** Opening Data to use block **

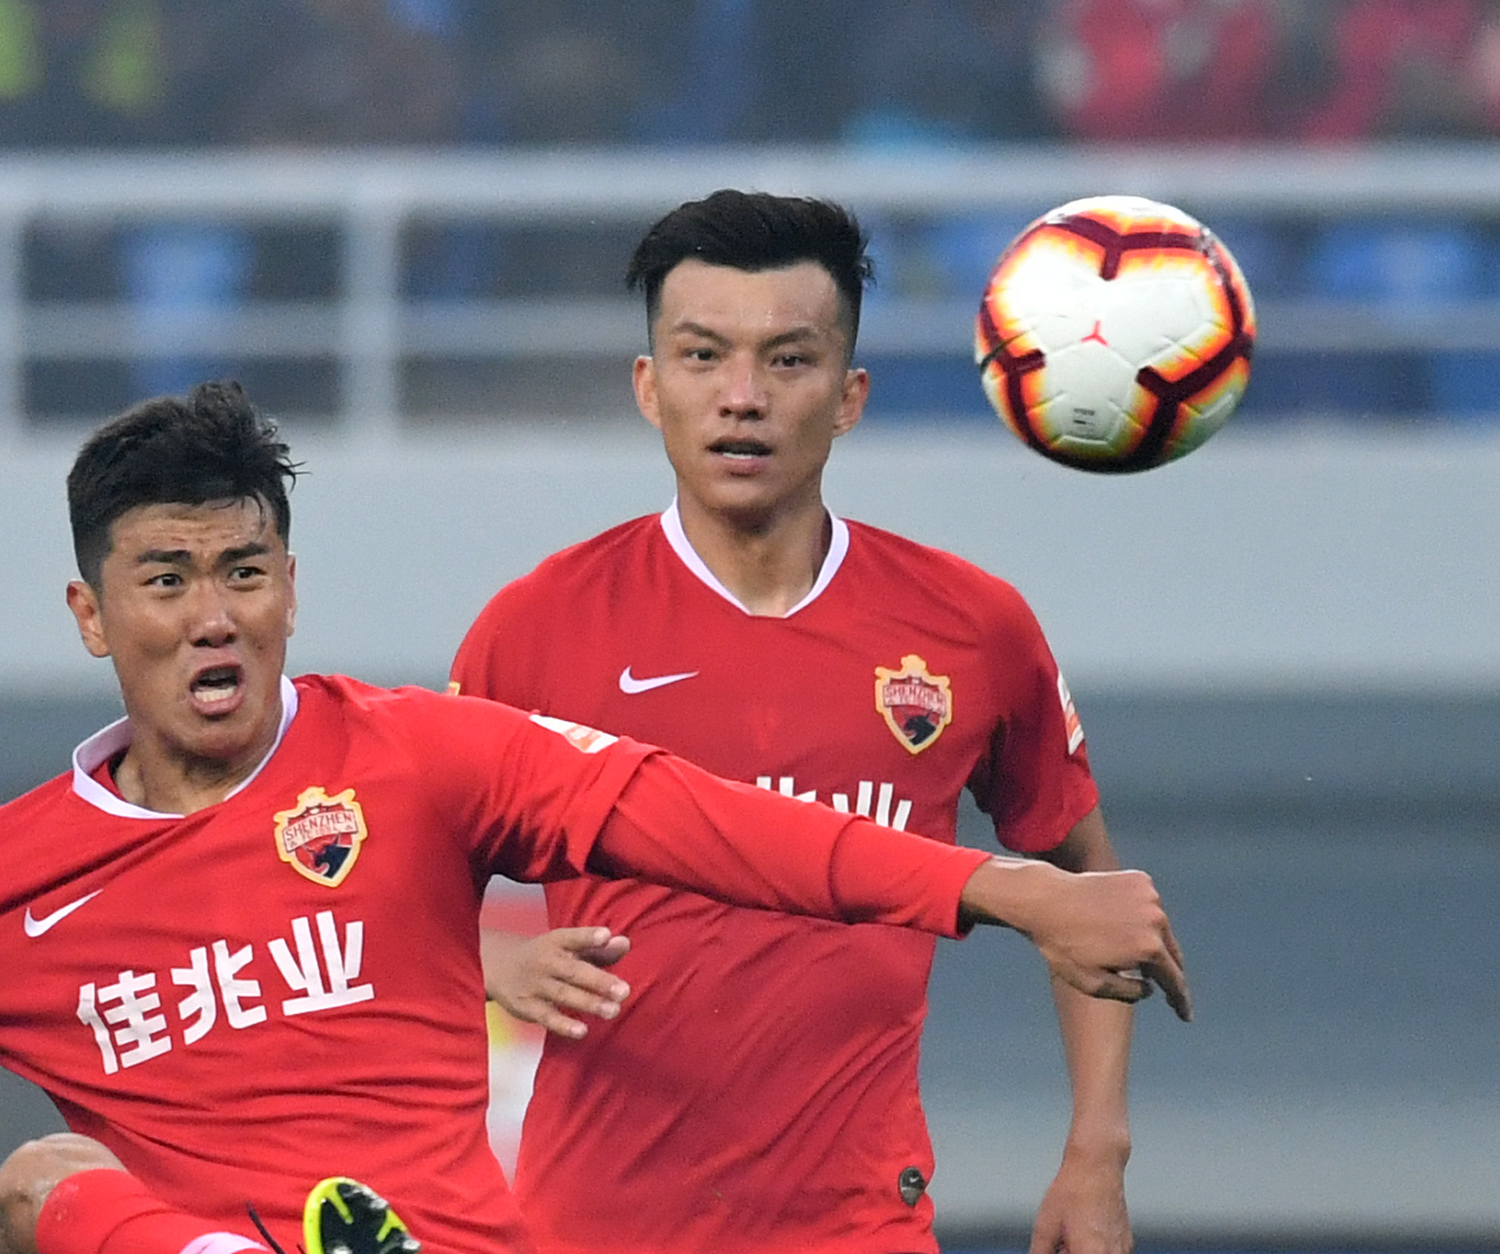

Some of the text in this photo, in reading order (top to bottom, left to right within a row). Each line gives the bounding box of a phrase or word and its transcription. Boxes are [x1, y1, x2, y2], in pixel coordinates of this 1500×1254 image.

[285, 812, 352, 841] SHENZHEN
[76, 910, 375, 1075] 佳兆业
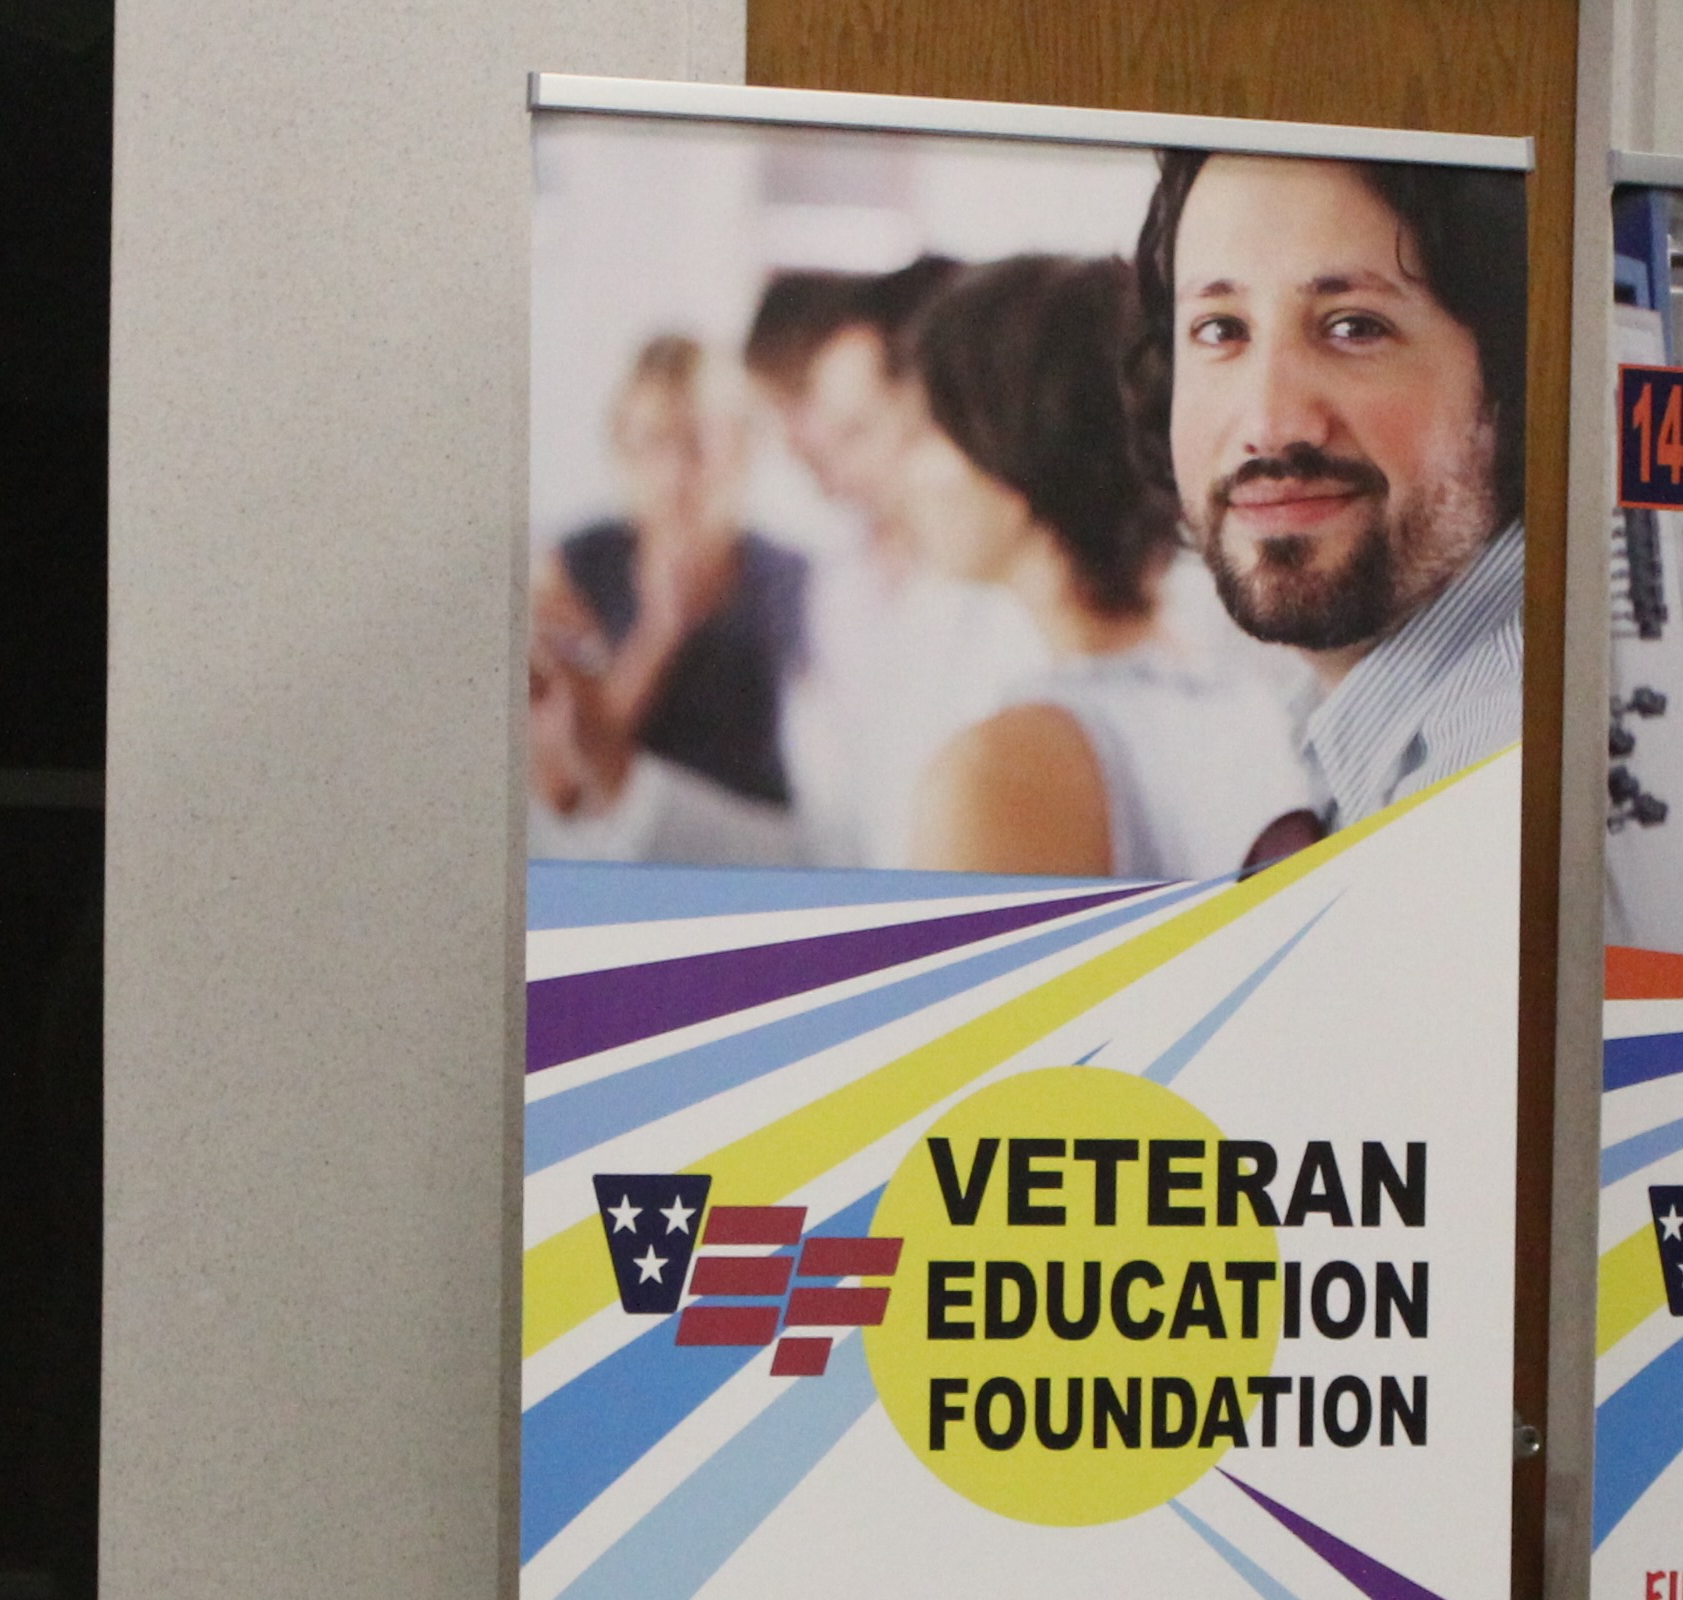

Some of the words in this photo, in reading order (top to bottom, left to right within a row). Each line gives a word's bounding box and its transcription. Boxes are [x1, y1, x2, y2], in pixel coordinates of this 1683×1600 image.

[926, 1137, 1427, 1228] VETERAN
[926, 1259, 1428, 1341] EDUCATION
[929, 1374, 1428, 1451] FOUNDATION

** Closing Data to use block **

■ **Task statement**
Reproduce the data above without a single change, please, but without its pictures.

■ **Answer box**
Some of the text in this photo, in reading order (top to bottom, left to right within a row). Each line gives the bounding box of a phrase or word and its transcription. Boxes are [x1, y1, x2, y2], in pixel coordinates of this 1500×1254 image.

[285, 812, 352, 841] SHENZHEN
[76, 910, 375, 1075] 佳兆业

Some of the words in this photo, in reading order (top to bottom, left to right within a row). Each line gives a word's bounding box and its transcription. Boxes are [x1, y1, x2, y2], in pixel coordinates of this 1683×1600 image.

[926, 1137, 1427, 1228] VETERAN
[926, 1259, 1428, 1341] EDUCATION
[929, 1374, 1428, 1451] FOUNDATION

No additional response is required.